A Limited Credit Mortgage is a type of mortgage designed for borrowers who have a limited credit history or no credit history at all. With this type of mortgage, lenders look at other factors, such as employment history, income, and debt-to-income ratio, to determine your creditworthiness. While Limited Credit Mortgages typically have higher interest rates than traditional mortgages, they can be a good option for borrowers who are just starting to build their credit history. 

Benefits of Limited Credit Mortgages: 

  • Can help borrowers with limited credit history qualify for a mortgage. 
  • May have lower down payment requirements than traditional mortgages. 
  • Can help borrowers establish a credit history and improve their credit score over time. 

Drawbacks of Limited Credit Mortgages: 

  • Typically have higher interest rates than traditional mortgages. 
  • May have stricter eligibility criteria than traditional mortgages. 
  • May require additional documentation and verification of income and employment history. 

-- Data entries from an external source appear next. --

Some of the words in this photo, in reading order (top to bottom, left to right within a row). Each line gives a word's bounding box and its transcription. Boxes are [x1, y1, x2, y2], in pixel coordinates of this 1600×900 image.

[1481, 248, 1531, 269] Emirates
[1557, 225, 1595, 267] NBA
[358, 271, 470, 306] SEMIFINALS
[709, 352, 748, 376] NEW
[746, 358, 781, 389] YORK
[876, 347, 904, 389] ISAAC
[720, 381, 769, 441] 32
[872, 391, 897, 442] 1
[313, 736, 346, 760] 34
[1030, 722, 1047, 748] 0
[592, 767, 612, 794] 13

When is a Limited Credit Mortgage a good option? 

  • If you’re a first-time homebuyer with limited credit history. 
  • If you’re a recent immigrant to Canada and don’t have an established credit history. 
  • If you’re self-employed and don’t have a traditional employment history. 

What is a New to Credit Mortgage? 

A New to Credit Mortgage is a type of mortgage designed for borrowers who have no credit history at all. With this type of mortgage, lenders look at other factors, such as employment history, income, and rental payment history, to determine your credit worthiness. While New to Credit Mortgages typically have higher interest rates than traditional mortgages, they can be a good option for borrowers who are just starting to establish their credit history. 

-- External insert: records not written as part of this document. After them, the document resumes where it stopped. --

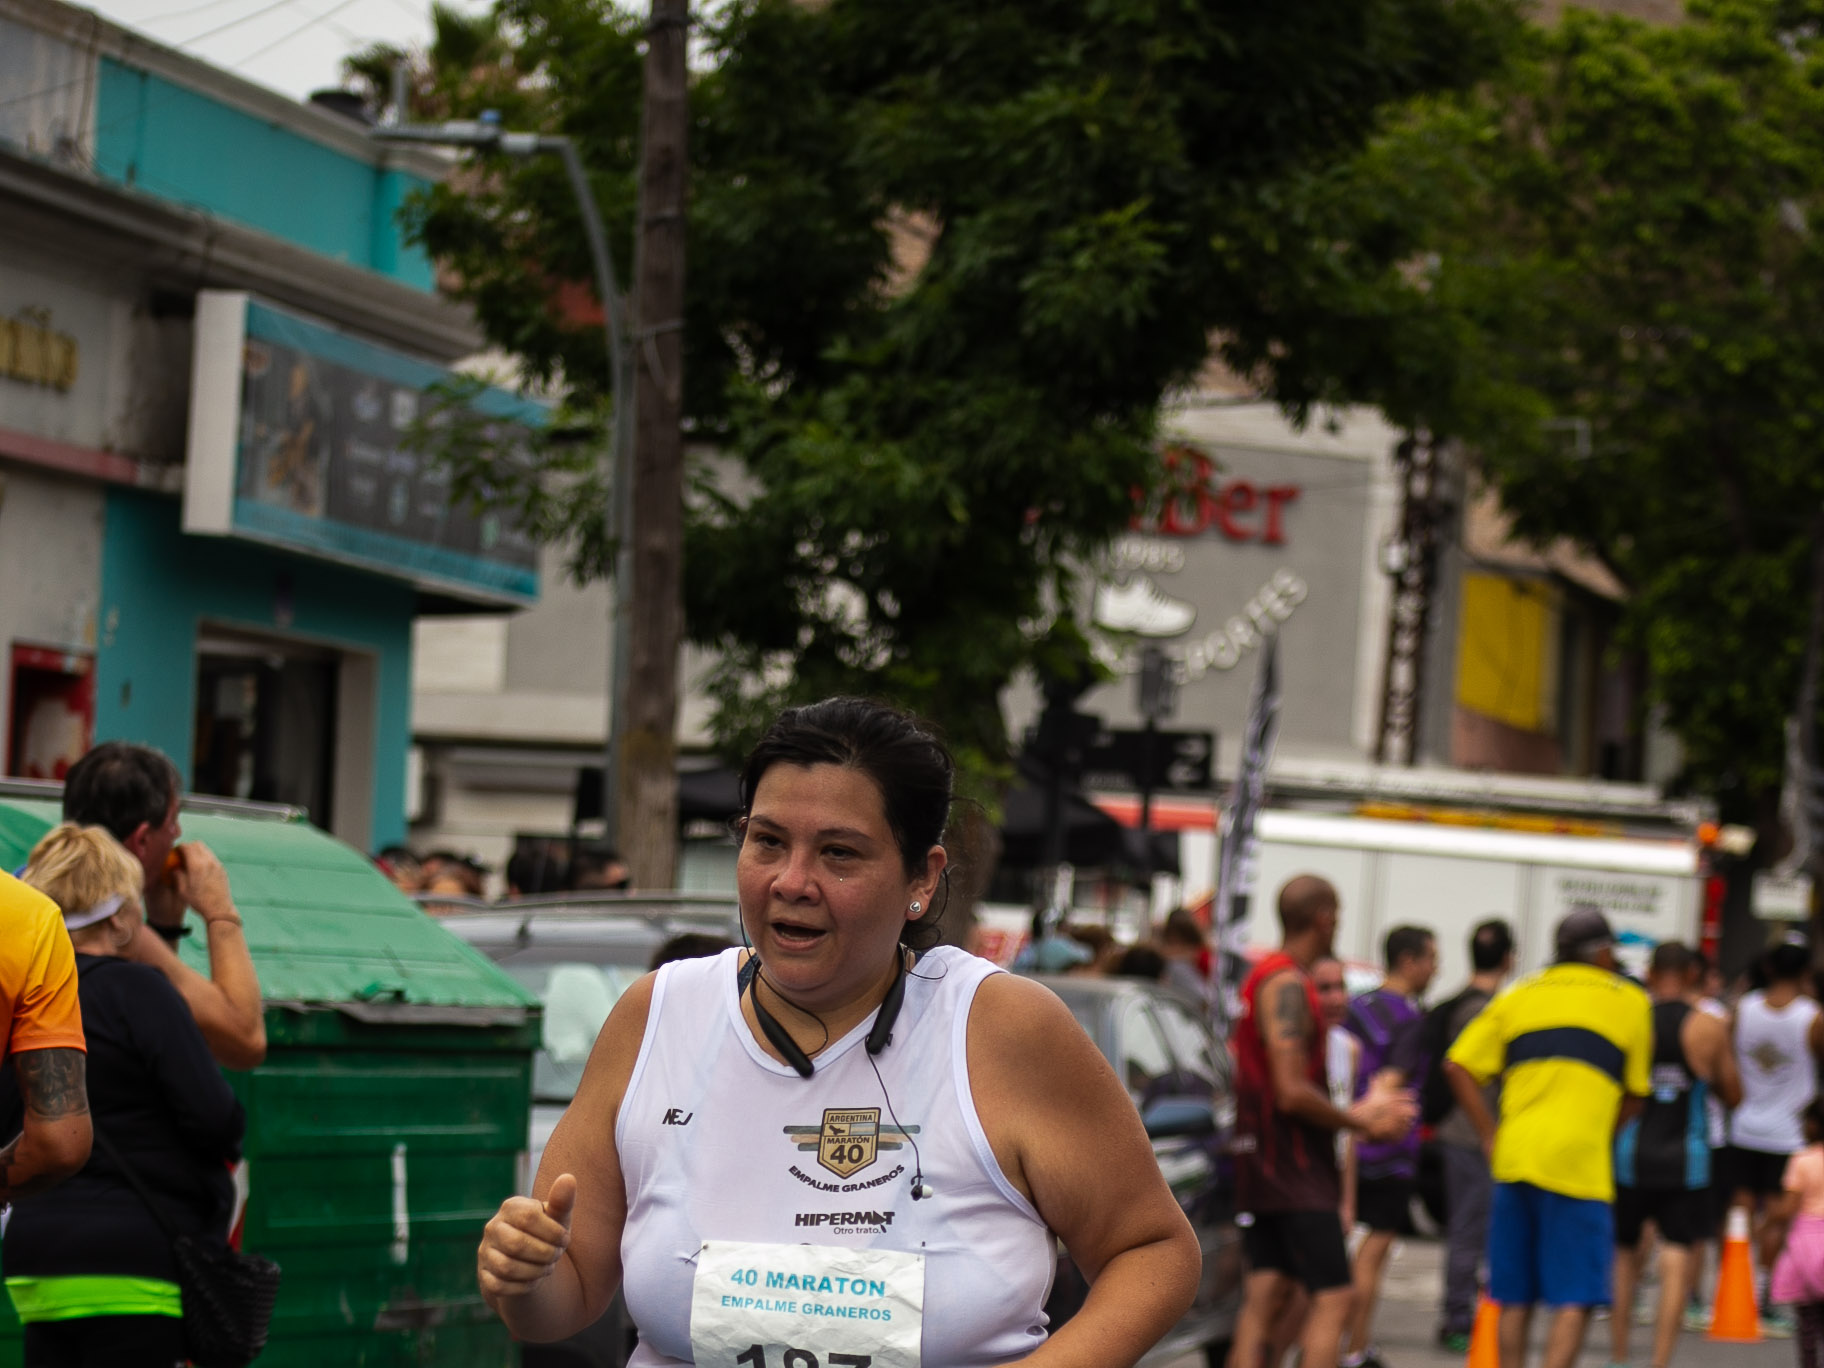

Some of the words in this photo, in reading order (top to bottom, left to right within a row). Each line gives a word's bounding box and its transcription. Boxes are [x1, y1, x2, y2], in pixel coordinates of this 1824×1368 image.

[662, 1108, 693, 1125] NEJ
[829, 1114, 873, 1123] ARGENTINA
[826, 1136, 870, 1144] MARATÓN
[830, 1144, 864, 1164] 40
[788, 1165, 840, 1192] EMPALME
[842, 1164, 905, 1192] GRANEROS
[833, 1226, 854, 1235] Otro
[731, 1269, 758, 1286] 40
[766, 1271, 885, 1297] MARATON
[721, 1295, 797, 1313] EMPALME
[802, 1303, 892, 1321] GRANEROS

Benefits of New to Credit Mortgages: 

  • Can help borrowers with no credit history qualify for a mortgage. 
  • May have lower down payment requirements than traditional mortgages. 
  • Can help borrowers establish a credit history and improve their credit score over time. 

Drawbacks of New to Credit Mortgages: 

  • Typically have higher interest rates than traditional mortgages. 
  • May have stricter eligibility criteria than traditional mortgages. 
  • May require additional documentation and verification of income and employment history. 

When is a New to Credit Mortgage a good option? 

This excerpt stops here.